Nicholas Martin, the Tony-nominated director known for his deft work at bringing zany comedies to life onstage, has died, according to Boston's Huntington Theatre Company, where he formerly served as artistic director. It is believed that Martin, who received his Tony nod in 2013 for his work on Christopher Durang's Vanya and Sonia and Masha and Spike, had been battling cancer. He was 75.
As a director, Martin also helmed productions of Present Laughter (with Victor Garber), Butley (with Nathan Lane), Match (with Frank Langella), and Hedda Gabler (with Kate Burton) on Broadway. Born in Brooklyn in 1938, he began his career as an actor, appearing in Broadway revivals of The School for Scandal, Exit the King, and The Man Who Came to Dinner.

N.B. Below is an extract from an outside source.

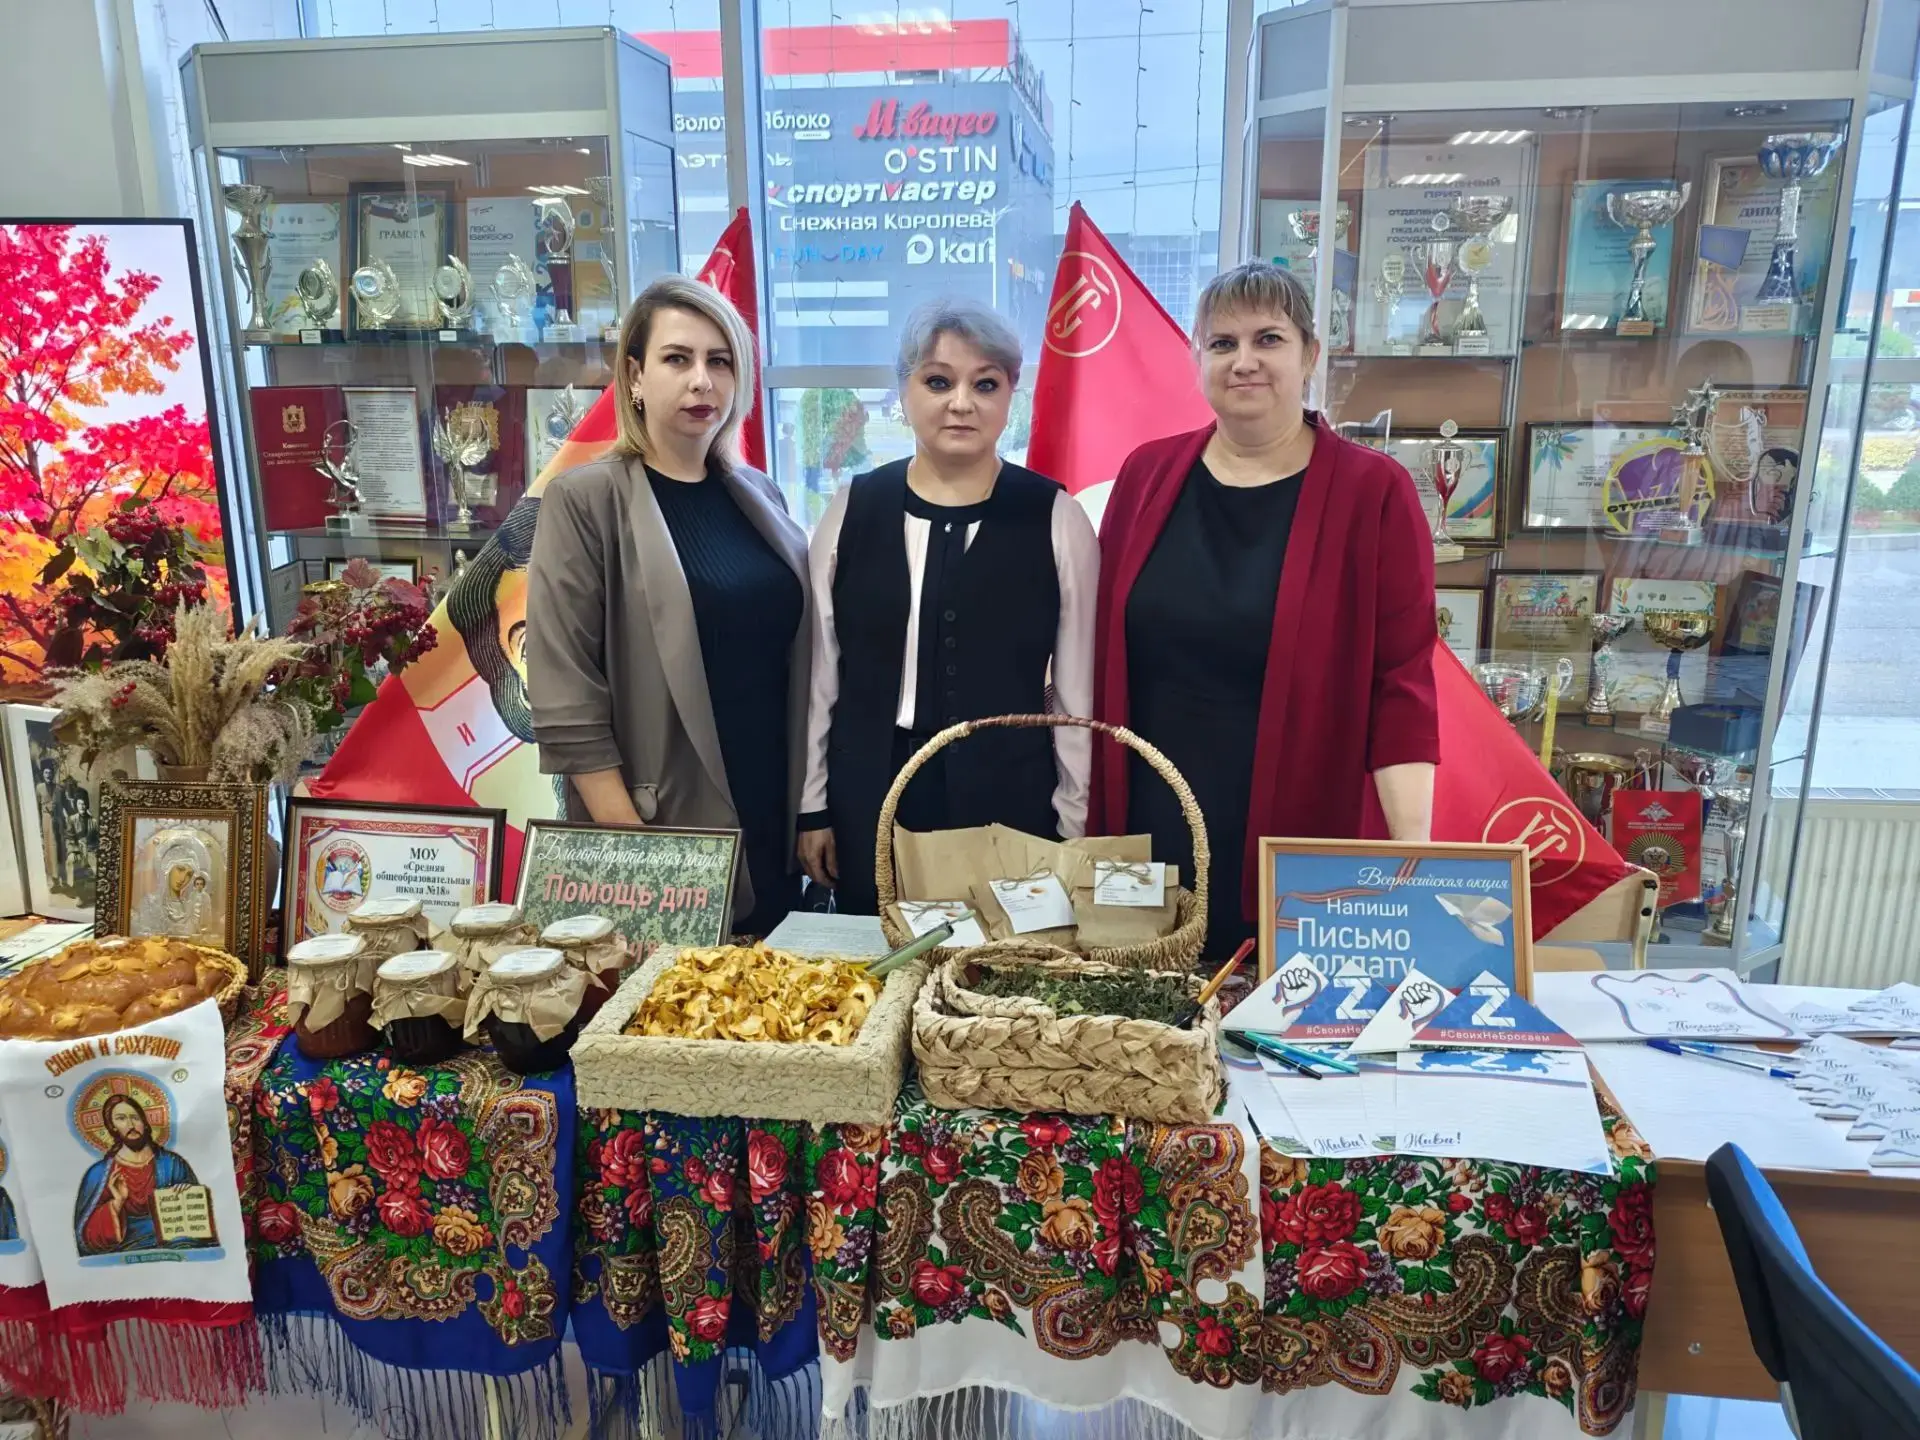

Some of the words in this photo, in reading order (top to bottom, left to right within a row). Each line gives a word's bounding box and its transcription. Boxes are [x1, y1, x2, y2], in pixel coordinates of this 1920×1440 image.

Serving as the artistic director of the Huntington from 2000 through 2008, Martin directed plays ranging from Bus Stop to Present Laughter to Love's Labour's Lost. He received IRNE Awards for his productions of The Sisters Rosensweig, The Rivals, and Sonia Flew, and an Elliot Norton Award for his work on Betty's Summer Vacation, written by frequent collaborator Christopher Durang. From 2008-2010, Martin served as the artistic director of Williamstown Theatre Festival, where he helmed productions including She Loves Me, Where's Charley?, and The Royal Family, among others.

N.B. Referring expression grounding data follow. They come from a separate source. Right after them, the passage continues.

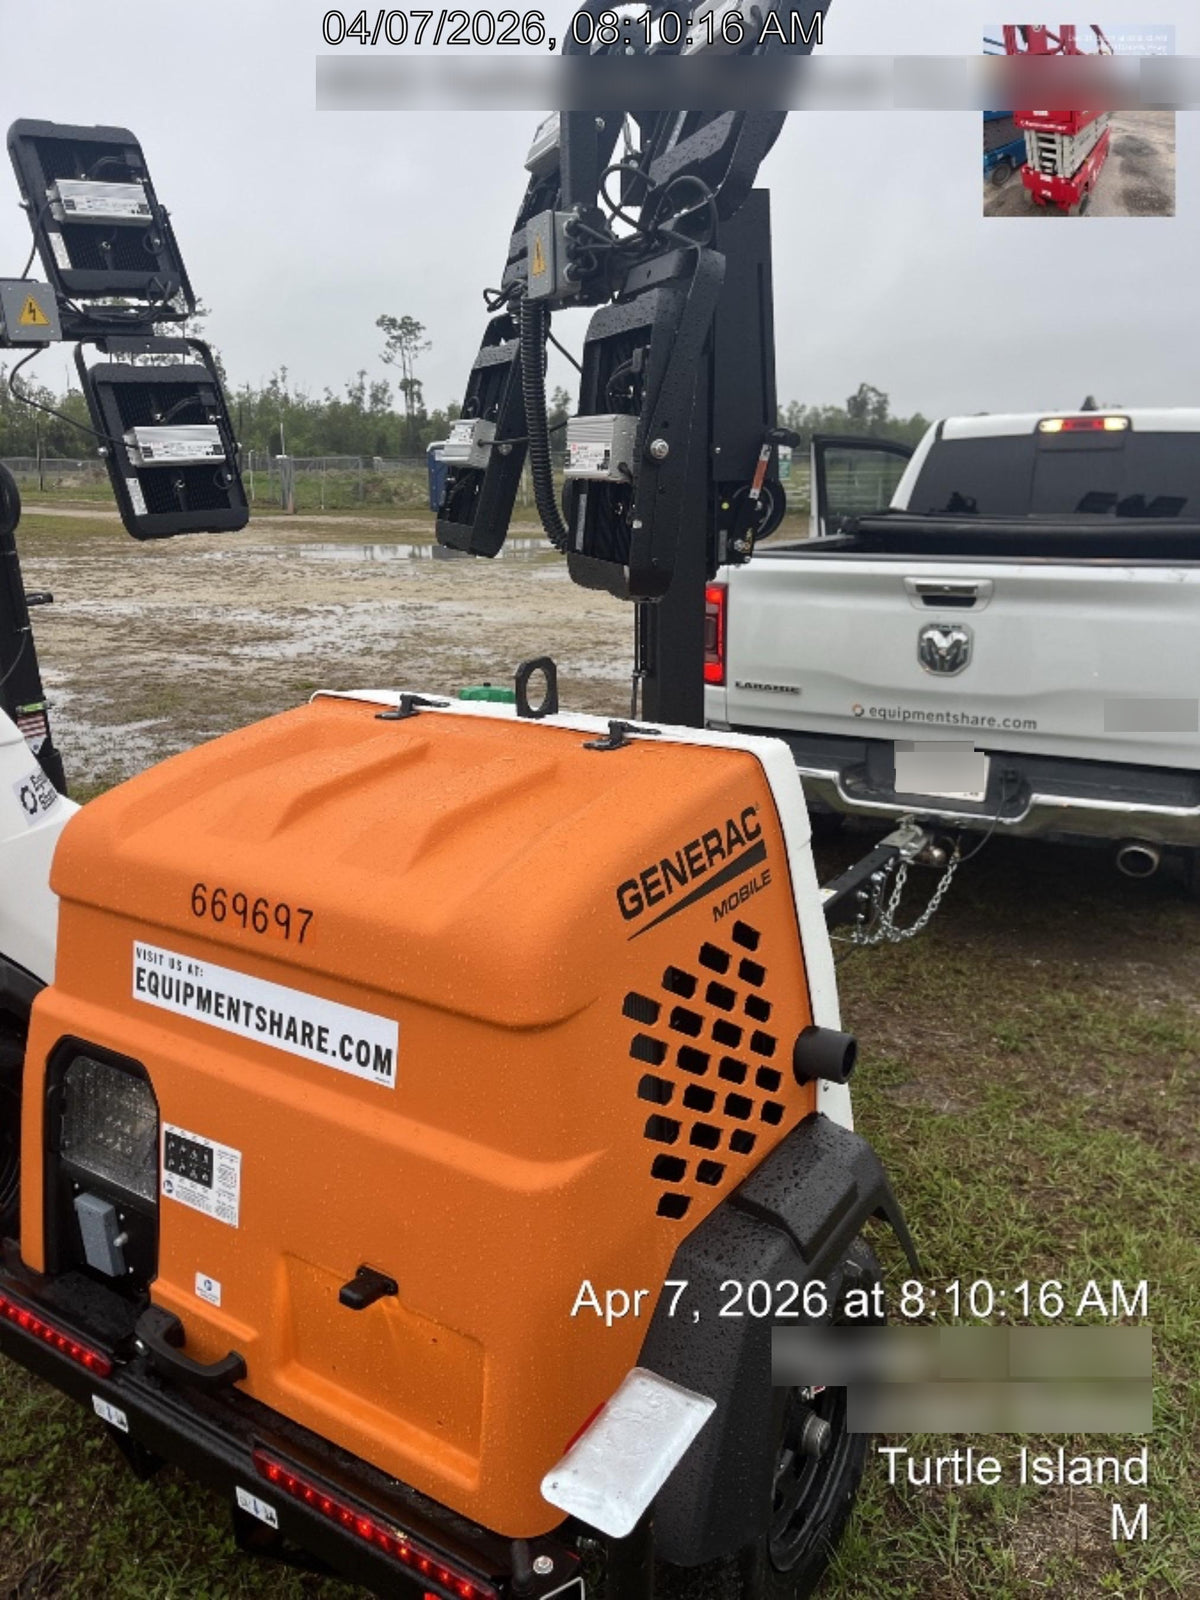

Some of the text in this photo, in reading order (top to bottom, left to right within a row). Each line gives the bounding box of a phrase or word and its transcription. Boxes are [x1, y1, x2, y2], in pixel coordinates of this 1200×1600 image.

[868, 706, 1038, 730] equipmentshare.com
[616, 805, 762, 921] GENERAC
[190, 882, 315, 944] 669697
[711, 868, 773, 923] MOBILE
[136, 947, 204, 977] VISIT US AT:
[135, 966, 393, 1077] EQUIPMENTSHARE.COM

In 2008, Martin suffered a minor stroke while directing the Lincoln Center Theater production of Saturn Returns. It didn't stop him from getting back to work, albeit in a wheelchair. Following his illness, he returned to the stage with a vengeance, helming Durang's Why Torture Is Wrong, and the People Who Love Them at the Public Theater and dozens of regional productions across the country.